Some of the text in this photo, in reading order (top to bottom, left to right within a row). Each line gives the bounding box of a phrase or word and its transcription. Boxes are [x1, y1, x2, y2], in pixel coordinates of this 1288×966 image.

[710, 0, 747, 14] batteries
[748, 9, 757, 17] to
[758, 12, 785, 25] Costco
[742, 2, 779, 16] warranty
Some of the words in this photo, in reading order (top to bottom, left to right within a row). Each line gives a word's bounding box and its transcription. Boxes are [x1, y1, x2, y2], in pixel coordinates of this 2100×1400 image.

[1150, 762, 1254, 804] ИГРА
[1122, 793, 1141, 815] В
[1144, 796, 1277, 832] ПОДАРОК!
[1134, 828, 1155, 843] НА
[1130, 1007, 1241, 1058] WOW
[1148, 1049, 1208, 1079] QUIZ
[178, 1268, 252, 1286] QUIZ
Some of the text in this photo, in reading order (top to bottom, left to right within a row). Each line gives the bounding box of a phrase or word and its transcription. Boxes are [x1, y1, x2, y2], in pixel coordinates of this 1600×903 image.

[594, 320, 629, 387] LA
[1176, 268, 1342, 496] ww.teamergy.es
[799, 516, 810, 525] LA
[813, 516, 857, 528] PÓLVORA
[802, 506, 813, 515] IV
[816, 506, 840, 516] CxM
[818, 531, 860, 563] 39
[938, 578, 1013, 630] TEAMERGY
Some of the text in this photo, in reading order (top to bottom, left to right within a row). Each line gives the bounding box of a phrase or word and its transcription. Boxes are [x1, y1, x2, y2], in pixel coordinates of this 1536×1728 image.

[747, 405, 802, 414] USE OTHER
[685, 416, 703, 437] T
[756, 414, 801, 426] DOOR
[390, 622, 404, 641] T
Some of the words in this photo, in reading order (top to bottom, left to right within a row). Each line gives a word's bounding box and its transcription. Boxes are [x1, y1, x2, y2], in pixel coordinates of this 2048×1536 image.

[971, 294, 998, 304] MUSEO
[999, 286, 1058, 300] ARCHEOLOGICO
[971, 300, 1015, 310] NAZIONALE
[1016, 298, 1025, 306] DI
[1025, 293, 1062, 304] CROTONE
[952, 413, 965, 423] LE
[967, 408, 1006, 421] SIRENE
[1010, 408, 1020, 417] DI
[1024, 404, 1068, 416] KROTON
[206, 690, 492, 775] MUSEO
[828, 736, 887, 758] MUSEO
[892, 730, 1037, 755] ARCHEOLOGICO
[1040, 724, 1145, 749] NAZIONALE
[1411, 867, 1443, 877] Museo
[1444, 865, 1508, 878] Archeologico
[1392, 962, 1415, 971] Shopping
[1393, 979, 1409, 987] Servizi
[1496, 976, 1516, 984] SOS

__________

* _Exercise requirements_: All lines from the one that contains "this 2048×1536 image." through the end of the listing above should be copied exactly, with nothing else.

* _Answer to the exercise_:
Some of the words in this photo, in reading order (top to bottom, left to right within a row). Each line gives a word's bounding box and its transcription. Boxes are [x1, y1, x2, y2], in pixel coordinates of this 2048×1536 image.

[971, 294, 998, 304] MUSEO
[999, 286, 1058, 300] ARCHEOLOGICO
[971, 300, 1015, 310] NAZIONALE
[1016, 298, 1025, 306] DI
[1025, 293, 1062, 304] CROTONE
[952, 413, 965, 423] LE
[967, 408, 1006, 421] SIRENE
[1010, 408, 1020, 417] DI
[1024, 404, 1068, 416] KROTON
[206, 690, 492, 775] MUSEO
[828, 736, 887, 758] MUSEO
[892, 730, 1037, 755] ARCHEOLOGICO
[1040, 724, 1145, 749] NAZIONALE
[1411, 867, 1443, 877] Museo
[1444, 865, 1508, 878] Archeologico
[1392, 962, 1415, 971] Shopping
[1393, 979, 1409, 987] Servizi
[1496, 976, 1516, 984] SOS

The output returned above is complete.